And our friend has said he is interested in the flat, and has a letter of support from hsi research lab and so on.

The feeling of sickness might be the heat. I had to scuttle into the student caff and get a can of juice, it's so hot in the sun. Time to start carrying bottles of water.

Incidentally - our water in Pessac is nicer than the water in Bordeaux proper. Their water is hard and dries out your skin and leaves lots of residue in the kettle. Our water is much softer and nicer.

2. Mozart: Requiem in D minor, KV 626 / Philippe Herreweghe

For Facebook readers, you have to click on the "View original post" thingie.

Remember to not read the subtitles, but just to enjoy the gorgeous Mozart and watch out for the funky period instruments, especially the extended combat-ready spiky bass trombone.

Thursday, June 11, 2009

A day to dream of !

What a day ! If they were all like this I don't know if I could cope with the joy.

Firstly - a letter telling us of a surprising conversion back home in Wales. Wonderful.

Then - meeting up with one of the chaps from the Chinese group - we are going to prepare studies for the group together at his request, but as I had hoped or even better than I had hoped.

Then - meeting up with another chap to prepare for baptism. A very happy time.

Then, to cap it all - the chap I accompanied to the town hall to try to find accommodation phoned the office yesterday and was told that there is a possibility of a flat that is just where he would like to be.

Amazing !

Mozart: Requiem in D minor, KV 626 / Philippe Herreweghe

Don't read the subtitles. Just listen to the super Mozart and look at the cool period instruments.

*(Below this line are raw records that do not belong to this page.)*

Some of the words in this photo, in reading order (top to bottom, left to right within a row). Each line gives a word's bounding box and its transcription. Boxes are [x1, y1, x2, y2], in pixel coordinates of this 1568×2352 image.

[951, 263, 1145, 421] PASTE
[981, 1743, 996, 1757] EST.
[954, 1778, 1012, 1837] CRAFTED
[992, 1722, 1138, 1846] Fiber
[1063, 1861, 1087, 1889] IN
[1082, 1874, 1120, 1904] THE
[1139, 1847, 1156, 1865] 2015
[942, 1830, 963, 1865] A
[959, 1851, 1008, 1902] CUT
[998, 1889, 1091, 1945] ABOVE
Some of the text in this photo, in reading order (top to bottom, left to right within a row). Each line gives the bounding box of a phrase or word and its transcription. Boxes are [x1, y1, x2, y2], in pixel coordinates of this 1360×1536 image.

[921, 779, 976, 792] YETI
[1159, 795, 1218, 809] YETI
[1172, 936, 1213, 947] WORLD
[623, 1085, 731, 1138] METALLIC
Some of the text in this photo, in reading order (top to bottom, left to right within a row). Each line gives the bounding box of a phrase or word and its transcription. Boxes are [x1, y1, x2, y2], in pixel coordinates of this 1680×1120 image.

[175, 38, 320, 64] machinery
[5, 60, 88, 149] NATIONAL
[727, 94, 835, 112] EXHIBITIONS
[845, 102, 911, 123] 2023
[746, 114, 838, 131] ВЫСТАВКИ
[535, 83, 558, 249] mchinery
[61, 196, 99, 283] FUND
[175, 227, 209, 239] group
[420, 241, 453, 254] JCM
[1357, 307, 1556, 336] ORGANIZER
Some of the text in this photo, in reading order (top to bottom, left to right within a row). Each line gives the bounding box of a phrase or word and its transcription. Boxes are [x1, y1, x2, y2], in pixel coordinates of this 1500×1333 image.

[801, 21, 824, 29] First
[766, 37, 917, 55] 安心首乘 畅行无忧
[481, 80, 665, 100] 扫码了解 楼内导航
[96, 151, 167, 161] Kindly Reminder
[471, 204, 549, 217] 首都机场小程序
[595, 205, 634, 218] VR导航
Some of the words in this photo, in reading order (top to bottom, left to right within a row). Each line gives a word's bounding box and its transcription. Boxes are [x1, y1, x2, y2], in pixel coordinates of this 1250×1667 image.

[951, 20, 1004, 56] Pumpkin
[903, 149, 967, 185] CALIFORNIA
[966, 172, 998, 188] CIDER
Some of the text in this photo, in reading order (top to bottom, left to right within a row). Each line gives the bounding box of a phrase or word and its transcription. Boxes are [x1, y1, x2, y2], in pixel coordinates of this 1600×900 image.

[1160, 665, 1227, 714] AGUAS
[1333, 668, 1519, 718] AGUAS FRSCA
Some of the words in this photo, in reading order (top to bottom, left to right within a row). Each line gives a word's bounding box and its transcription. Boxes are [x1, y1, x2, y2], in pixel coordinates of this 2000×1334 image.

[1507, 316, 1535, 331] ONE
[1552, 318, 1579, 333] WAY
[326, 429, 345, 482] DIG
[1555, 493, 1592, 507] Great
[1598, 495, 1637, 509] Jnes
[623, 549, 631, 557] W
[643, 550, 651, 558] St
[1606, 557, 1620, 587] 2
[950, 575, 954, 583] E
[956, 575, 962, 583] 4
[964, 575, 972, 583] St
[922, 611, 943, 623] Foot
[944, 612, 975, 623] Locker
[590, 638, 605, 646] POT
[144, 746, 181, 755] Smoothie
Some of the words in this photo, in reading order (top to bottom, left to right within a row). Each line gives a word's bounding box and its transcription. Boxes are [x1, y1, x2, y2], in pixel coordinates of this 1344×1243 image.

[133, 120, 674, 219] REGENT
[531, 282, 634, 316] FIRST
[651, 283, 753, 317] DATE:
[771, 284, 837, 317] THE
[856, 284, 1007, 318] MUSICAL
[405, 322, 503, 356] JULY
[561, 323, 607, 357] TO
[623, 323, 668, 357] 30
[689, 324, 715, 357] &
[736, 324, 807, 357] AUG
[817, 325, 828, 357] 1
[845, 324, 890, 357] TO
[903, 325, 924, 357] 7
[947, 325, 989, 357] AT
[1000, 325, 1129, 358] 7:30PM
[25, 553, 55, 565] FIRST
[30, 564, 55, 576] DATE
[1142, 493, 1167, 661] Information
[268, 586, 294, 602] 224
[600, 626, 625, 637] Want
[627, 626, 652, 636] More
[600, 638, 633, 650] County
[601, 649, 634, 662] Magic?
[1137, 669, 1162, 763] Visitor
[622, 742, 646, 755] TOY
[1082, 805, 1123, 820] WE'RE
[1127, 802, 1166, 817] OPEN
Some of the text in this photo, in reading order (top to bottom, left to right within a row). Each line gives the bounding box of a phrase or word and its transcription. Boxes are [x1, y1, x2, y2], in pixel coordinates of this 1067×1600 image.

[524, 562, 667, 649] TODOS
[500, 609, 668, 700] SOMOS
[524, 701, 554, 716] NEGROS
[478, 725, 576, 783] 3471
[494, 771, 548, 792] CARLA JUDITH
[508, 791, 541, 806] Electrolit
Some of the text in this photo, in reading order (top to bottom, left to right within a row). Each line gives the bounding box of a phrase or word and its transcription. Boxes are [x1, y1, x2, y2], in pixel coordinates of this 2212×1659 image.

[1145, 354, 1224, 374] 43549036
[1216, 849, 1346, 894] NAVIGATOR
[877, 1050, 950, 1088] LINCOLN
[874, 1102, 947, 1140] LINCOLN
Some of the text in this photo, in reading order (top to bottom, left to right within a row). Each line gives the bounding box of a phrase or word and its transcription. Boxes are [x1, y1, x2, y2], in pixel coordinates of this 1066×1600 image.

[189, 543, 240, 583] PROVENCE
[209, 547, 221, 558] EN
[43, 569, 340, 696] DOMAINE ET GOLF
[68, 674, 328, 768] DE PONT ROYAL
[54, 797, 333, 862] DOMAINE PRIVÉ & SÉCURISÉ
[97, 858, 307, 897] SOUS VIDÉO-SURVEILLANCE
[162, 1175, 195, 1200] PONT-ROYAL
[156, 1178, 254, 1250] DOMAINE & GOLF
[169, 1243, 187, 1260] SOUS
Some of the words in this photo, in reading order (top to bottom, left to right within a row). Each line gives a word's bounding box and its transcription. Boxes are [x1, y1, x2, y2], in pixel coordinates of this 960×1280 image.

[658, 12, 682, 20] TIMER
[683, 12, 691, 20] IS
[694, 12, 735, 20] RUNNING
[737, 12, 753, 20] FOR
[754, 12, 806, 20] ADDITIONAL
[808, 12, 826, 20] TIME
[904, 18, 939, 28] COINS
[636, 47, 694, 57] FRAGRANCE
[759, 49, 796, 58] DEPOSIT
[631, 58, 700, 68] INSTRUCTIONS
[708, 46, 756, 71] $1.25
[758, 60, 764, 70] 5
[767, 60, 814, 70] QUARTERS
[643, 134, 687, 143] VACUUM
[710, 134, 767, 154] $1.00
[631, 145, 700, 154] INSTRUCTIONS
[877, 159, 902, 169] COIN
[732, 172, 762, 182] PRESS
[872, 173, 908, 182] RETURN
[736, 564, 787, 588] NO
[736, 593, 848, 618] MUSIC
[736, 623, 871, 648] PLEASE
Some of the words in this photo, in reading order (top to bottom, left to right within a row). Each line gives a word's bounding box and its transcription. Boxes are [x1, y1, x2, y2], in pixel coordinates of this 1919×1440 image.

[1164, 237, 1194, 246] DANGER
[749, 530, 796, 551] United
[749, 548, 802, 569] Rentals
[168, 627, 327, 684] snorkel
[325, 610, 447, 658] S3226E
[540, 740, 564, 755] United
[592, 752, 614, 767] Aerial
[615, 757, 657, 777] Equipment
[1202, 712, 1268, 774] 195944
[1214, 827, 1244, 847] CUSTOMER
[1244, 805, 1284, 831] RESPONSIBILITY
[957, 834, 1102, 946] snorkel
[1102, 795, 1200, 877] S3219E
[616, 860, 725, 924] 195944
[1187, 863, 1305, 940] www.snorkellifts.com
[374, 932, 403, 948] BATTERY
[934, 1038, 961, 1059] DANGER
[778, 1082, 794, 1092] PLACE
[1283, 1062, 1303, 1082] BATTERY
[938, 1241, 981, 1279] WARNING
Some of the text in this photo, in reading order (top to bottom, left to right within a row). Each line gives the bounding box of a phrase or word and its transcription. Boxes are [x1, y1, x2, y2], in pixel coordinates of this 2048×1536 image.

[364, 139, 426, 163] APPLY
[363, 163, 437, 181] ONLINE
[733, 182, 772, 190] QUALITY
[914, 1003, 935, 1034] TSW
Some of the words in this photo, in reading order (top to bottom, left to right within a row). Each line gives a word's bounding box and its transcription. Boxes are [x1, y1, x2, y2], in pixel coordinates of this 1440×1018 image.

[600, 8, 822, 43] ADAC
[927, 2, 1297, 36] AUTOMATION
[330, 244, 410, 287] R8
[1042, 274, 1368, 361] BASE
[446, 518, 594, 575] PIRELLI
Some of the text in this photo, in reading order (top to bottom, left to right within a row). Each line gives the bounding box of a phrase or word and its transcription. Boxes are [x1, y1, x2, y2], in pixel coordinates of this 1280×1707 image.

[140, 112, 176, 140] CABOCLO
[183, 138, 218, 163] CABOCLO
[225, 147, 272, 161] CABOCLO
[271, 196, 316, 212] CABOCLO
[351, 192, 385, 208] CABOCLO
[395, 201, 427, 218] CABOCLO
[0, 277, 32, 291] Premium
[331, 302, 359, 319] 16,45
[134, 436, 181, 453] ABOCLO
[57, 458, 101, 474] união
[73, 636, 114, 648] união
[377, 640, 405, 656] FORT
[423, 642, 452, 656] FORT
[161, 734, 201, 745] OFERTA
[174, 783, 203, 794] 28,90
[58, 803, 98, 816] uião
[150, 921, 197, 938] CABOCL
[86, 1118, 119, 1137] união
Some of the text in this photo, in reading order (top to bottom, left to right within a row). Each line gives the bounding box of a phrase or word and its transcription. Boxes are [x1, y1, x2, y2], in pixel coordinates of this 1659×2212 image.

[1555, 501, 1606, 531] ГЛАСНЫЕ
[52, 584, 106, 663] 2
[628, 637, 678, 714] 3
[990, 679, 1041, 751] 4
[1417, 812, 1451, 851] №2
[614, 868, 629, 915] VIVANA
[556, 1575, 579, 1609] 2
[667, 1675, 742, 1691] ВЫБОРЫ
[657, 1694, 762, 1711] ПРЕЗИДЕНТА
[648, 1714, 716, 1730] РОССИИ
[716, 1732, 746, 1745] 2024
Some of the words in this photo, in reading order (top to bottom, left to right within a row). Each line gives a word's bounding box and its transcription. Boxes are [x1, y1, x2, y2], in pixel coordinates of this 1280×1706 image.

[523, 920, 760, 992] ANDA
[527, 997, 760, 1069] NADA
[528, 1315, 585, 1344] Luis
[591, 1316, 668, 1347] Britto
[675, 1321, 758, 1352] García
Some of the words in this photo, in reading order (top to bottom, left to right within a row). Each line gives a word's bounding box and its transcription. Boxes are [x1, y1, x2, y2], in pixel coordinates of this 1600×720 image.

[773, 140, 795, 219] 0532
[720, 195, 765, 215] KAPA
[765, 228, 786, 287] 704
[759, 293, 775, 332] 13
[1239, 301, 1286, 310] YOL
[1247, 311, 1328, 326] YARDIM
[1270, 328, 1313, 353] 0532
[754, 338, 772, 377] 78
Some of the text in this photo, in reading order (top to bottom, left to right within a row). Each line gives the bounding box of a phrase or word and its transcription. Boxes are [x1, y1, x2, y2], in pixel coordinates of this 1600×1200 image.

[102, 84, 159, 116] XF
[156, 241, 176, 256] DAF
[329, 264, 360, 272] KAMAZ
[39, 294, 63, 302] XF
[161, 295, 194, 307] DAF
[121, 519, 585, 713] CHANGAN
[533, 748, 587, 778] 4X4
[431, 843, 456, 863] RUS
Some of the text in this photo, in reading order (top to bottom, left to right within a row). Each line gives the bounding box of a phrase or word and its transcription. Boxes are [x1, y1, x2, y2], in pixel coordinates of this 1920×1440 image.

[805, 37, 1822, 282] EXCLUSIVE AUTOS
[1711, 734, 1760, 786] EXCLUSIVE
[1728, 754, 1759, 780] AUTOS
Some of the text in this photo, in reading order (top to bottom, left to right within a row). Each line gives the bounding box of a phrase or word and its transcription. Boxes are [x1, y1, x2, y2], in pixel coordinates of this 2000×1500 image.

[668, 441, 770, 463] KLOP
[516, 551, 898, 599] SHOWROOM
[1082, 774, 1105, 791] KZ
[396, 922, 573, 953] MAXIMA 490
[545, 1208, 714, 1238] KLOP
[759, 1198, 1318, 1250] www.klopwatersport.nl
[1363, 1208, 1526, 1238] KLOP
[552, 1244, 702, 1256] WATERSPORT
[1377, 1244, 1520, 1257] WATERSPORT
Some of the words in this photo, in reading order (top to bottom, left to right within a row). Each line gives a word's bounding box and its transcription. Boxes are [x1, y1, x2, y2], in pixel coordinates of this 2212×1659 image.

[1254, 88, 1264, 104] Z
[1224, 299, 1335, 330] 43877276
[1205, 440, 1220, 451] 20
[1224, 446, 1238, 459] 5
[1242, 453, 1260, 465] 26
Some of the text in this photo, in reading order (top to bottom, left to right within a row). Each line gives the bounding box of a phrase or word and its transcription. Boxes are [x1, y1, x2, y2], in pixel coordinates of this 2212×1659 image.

Lovely bendy basset horns !
Period trombones ! One super long bass with a stick to reach the low positions and a spike to help the guys behind not to touch.

Wednesday, June 10, 2009

The teacher

For those teaching English here's a rich vein of somewhat off-beat videos from the BBC illustrating English idioms.

Monday, June 08, 2009

Leonard Bernstein: West Side Story, studio-take of "I feel pretty"


Europe has voted

Picture from 20Minutes / Reuters
Posted by Picasa

A nice weekend

The International Home Group on Saturday evening was graced with the presence of the Reverend Graham Heaps and Mrs Heaps, from Dewsbury in Yorkshire. It was good to have them here. Because it was cold and wet we cooked barbecue style food indoors and ate indoors and we were just too many to fit round the table - some came later, just for the study.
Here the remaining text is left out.